====== Extracted material
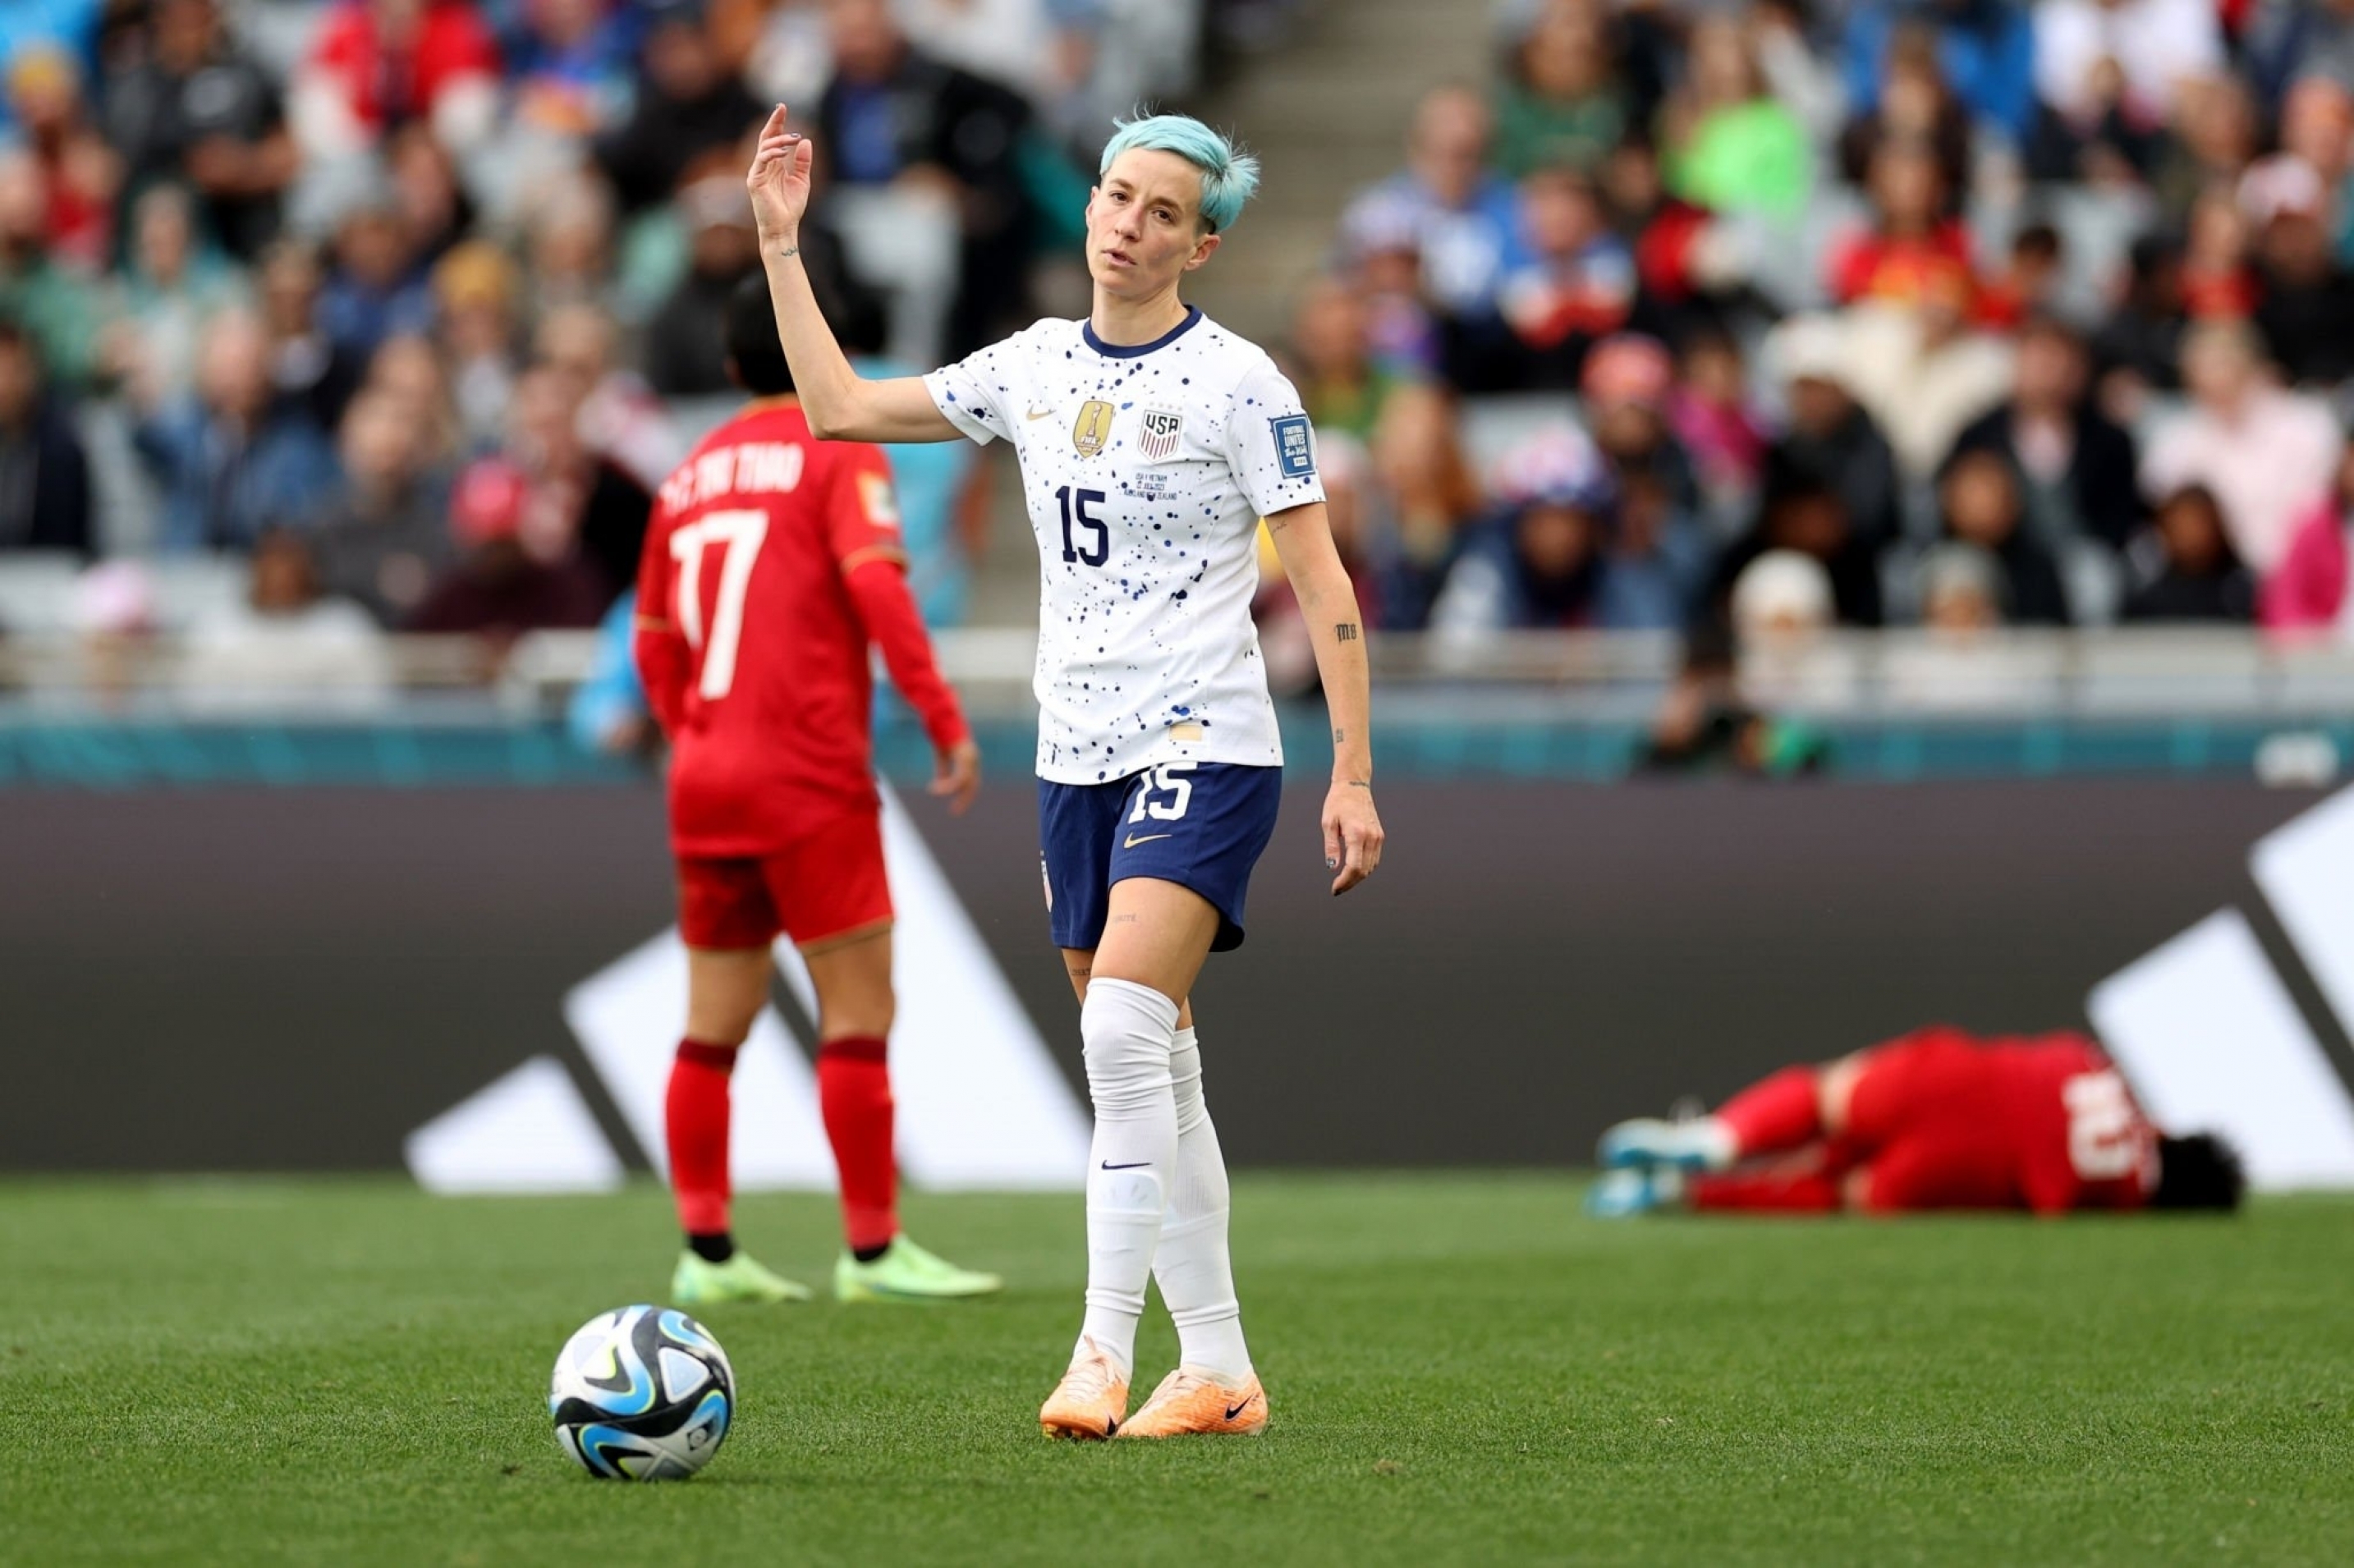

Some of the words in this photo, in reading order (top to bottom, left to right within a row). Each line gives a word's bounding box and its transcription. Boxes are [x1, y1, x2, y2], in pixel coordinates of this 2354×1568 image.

[1146, 414, 1179, 435] USA
[1284, 433, 1305, 447] UNITES
[1055, 485, 1109, 568] 15
[669, 509, 769, 701] 17
[1127, 761, 1198, 825] 15
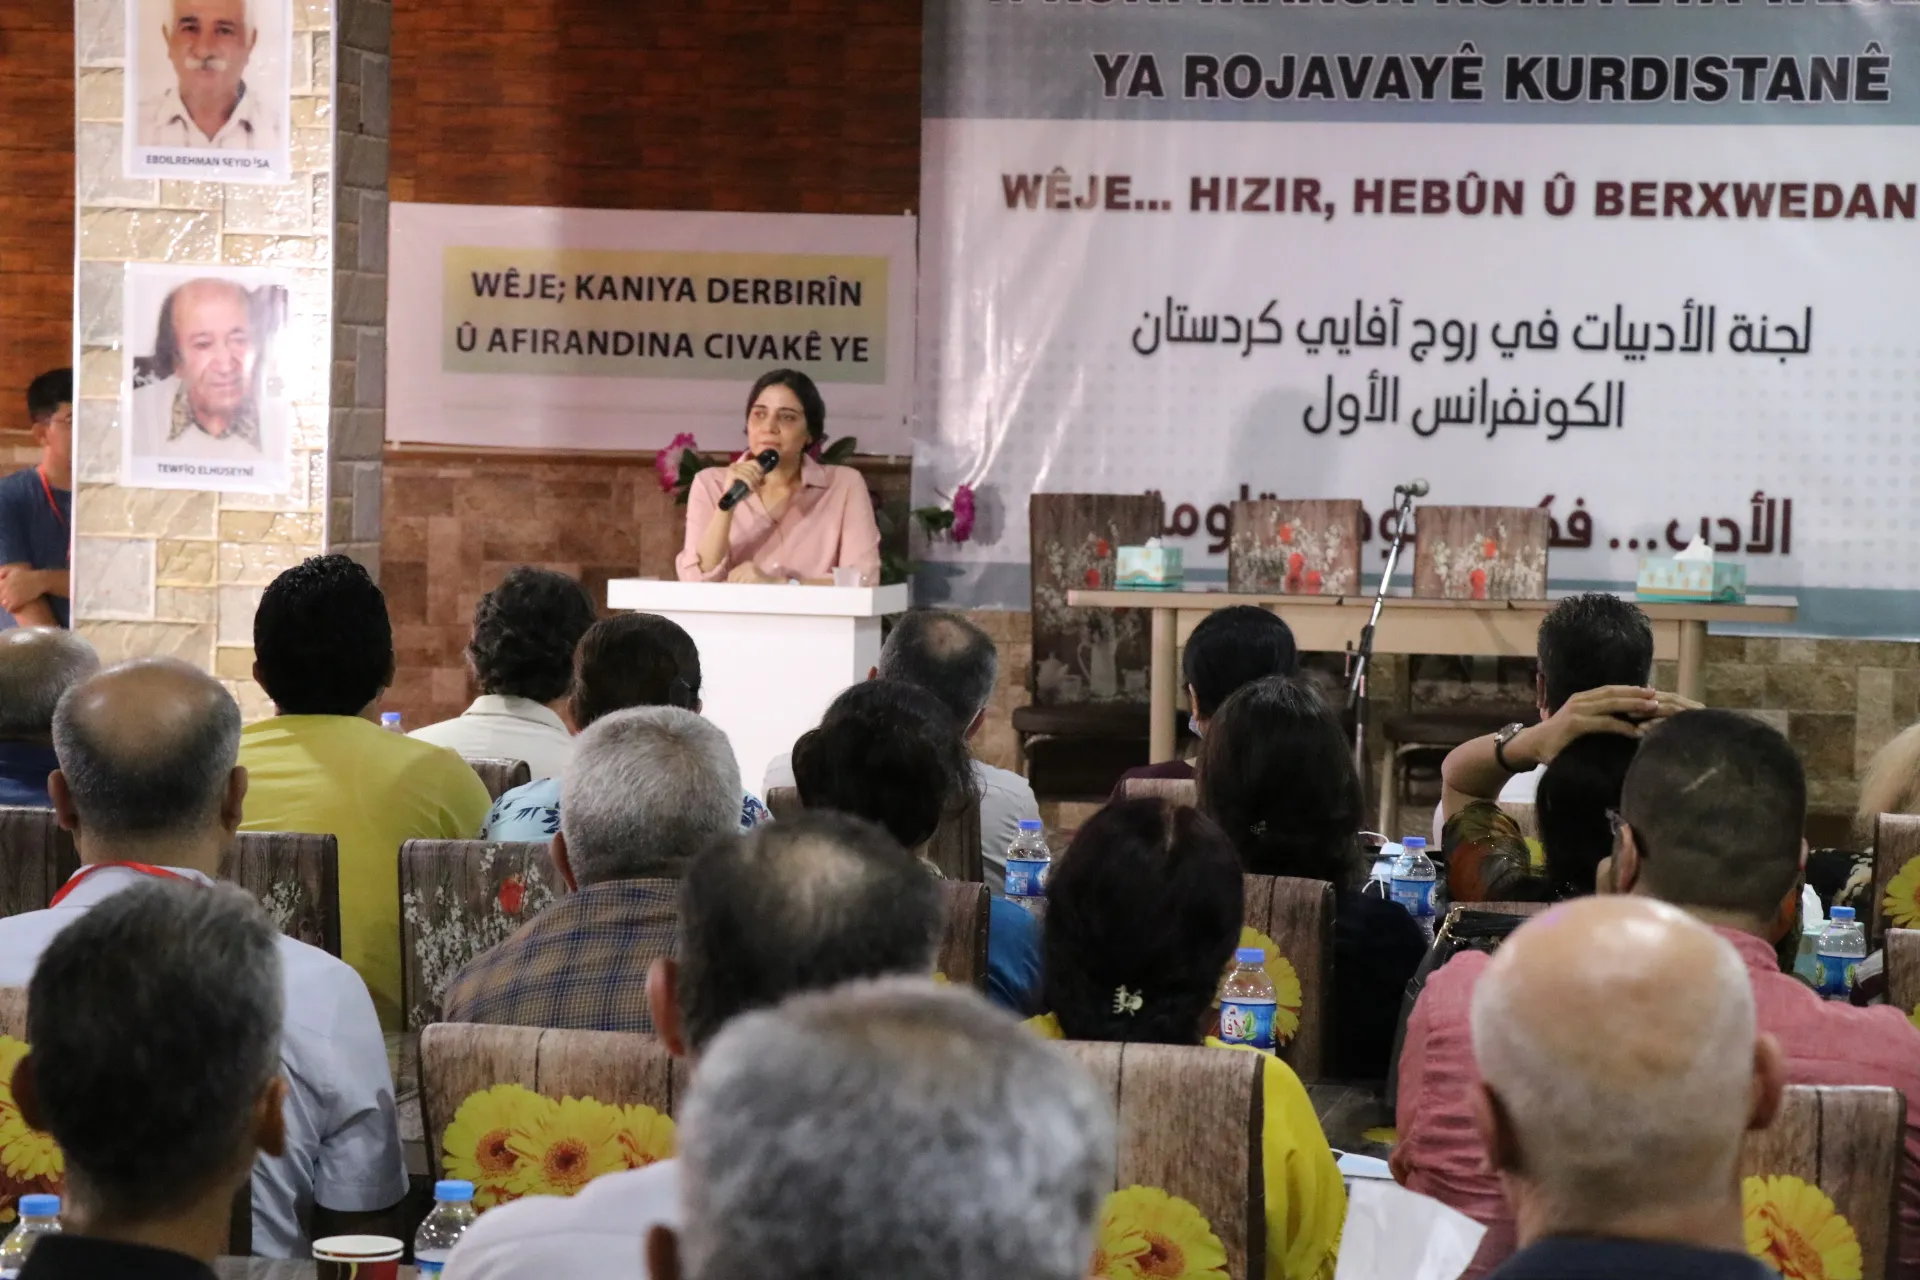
============
Copy each line above exactly, with no images.

Output for this exercise >>
Some of the words in this photo, in reading order (top to bottom, left to right within a row). Each line gives a word's bounding box and its transcription. Boxes are [x1, y1, x2, y2], in pixel coordinates of this 2354×1568 image.

[1146, 414, 1179, 435] USA
[1284, 433, 1305, 447] UNITES
[1055, 485, 1109, 568] 15
[669, 509, 769, 701] 17
[1127, 761, 1198, 825] 15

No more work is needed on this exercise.